Fig 1.

Measurement of the basal levels of CA-AM fluorescence. Calcein fluorescence of parasitized and uninfected RBCs was determined by assessing the calcein fluorescence of SYTO 61− (uninfected) and SYTO 61 + (parasitized) RBCs. Cells from P. falciparum (FCR3-FMG strain)-infected erythrocyte cultures were seeded in triplicate into a 96-well plate, loaded with CA-AM, and then stained with DNA dye SYTO 61 and analysed by flow cytometry. (A) Dot-plot of cell distribution of DNA stain SYTO 61 vs. calcein reveals the distribution of uninfected RBCs, rings and trophozoites. (B) Gates were set on uninfected RBCs, rings, and trophozoite populations and, mean calcein-fluorescence intensity (MFI) (530/330 nm) was assessed for each population.

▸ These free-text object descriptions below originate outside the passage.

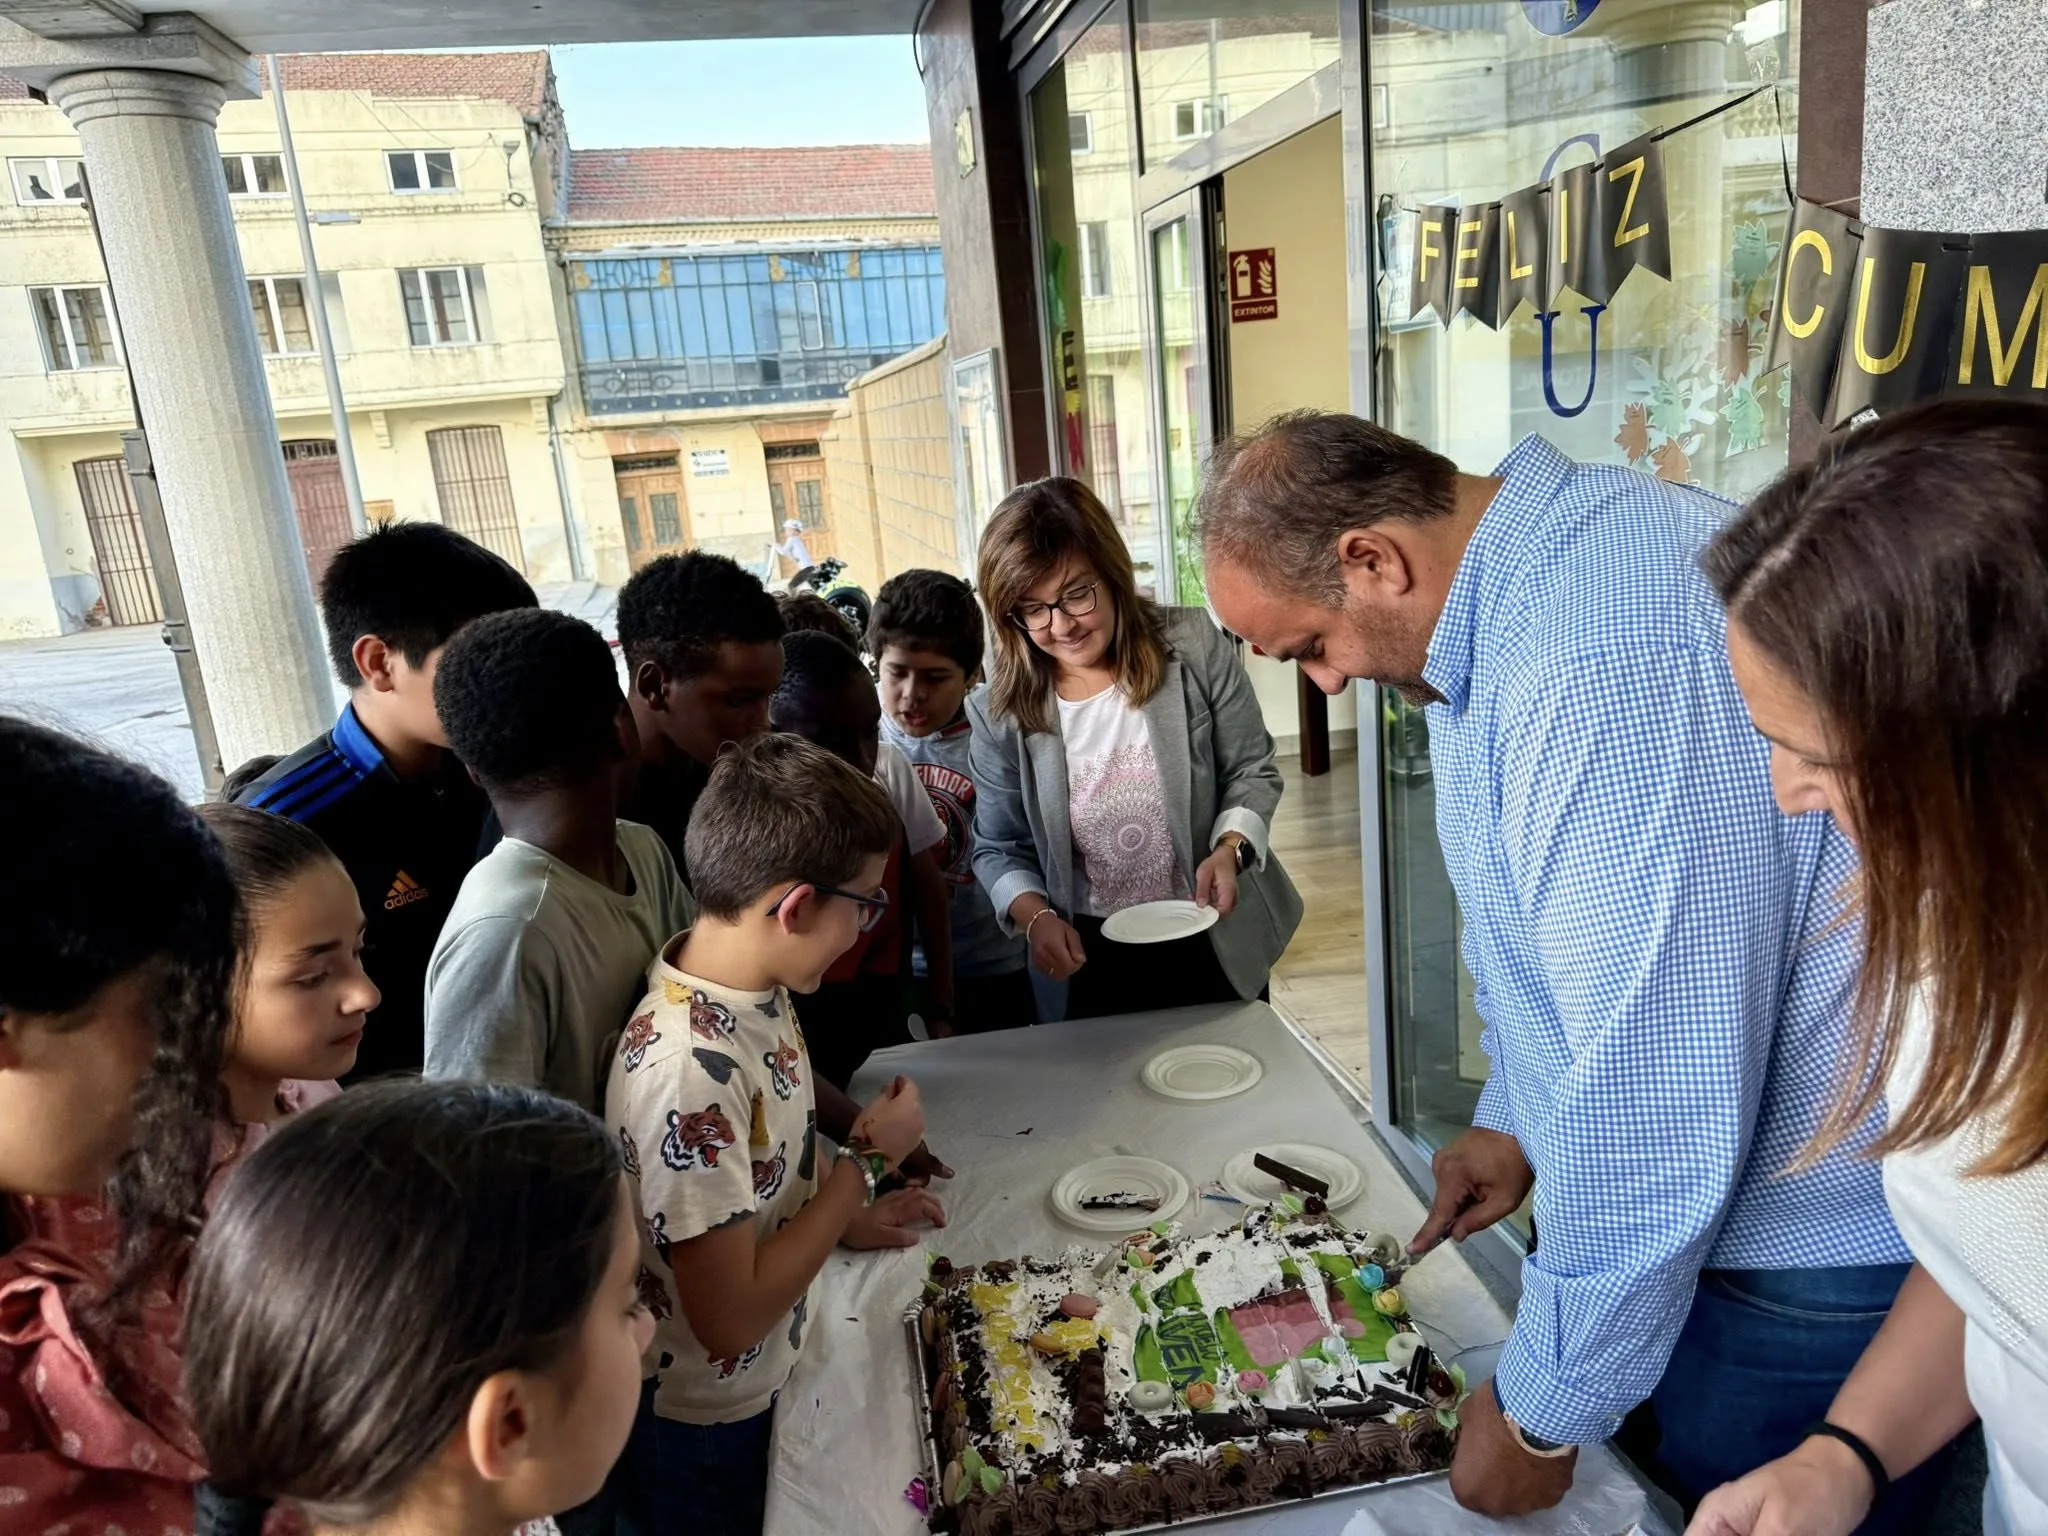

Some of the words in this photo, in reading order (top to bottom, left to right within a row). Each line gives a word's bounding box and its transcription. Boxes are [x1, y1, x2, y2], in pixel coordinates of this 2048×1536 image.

[1420, 156, 1650, 289] FELIZ
[1234, 304, 1276, 317] EXTINTOR
[1781, 229, 2048, 389] CUM
[384, 888, 428, 910] adidas
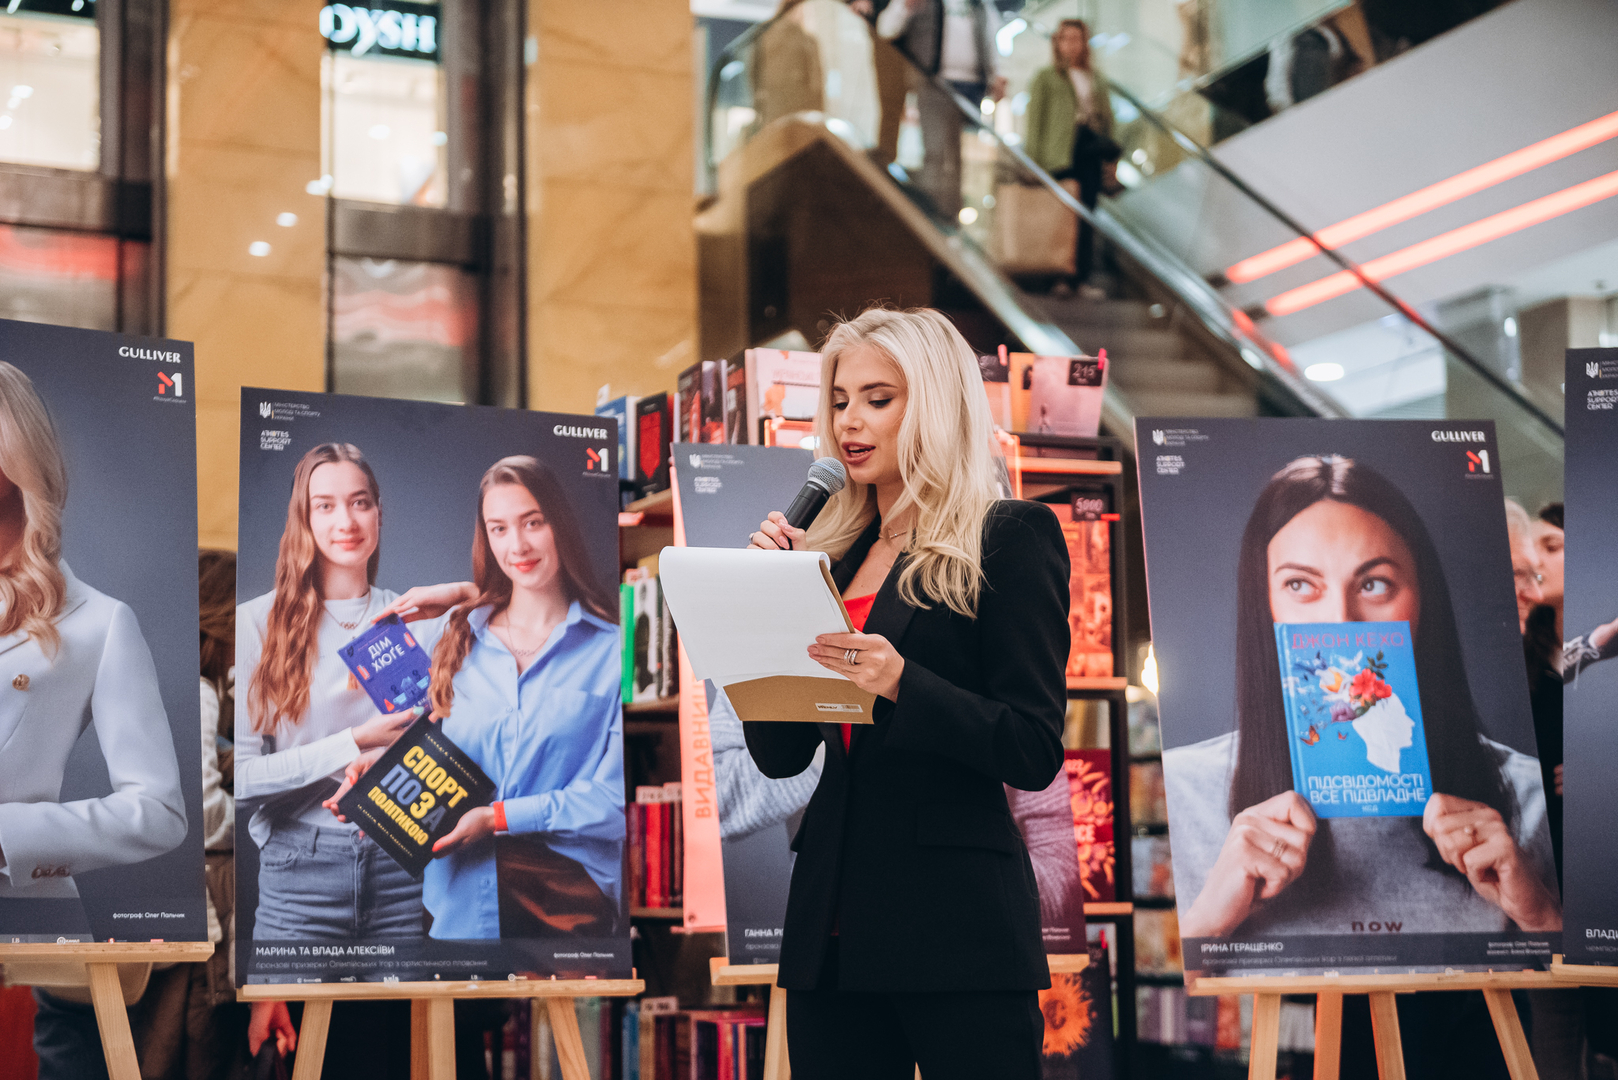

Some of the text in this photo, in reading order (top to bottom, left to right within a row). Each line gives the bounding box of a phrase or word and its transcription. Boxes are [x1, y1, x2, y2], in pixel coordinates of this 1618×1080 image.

The bar graph (mean ± SD, n = 3) shows calcein fluorescence of uninfected and parasitized RBCs. Student’s t-test statistical analysis was performed comparing uninfected to parasitized cells, *P < 0·02 **P < 0·0002. Data is from a single representative experiment, and the experiment was performed five independent times with each parasite line, FCR-FMG and Dd2.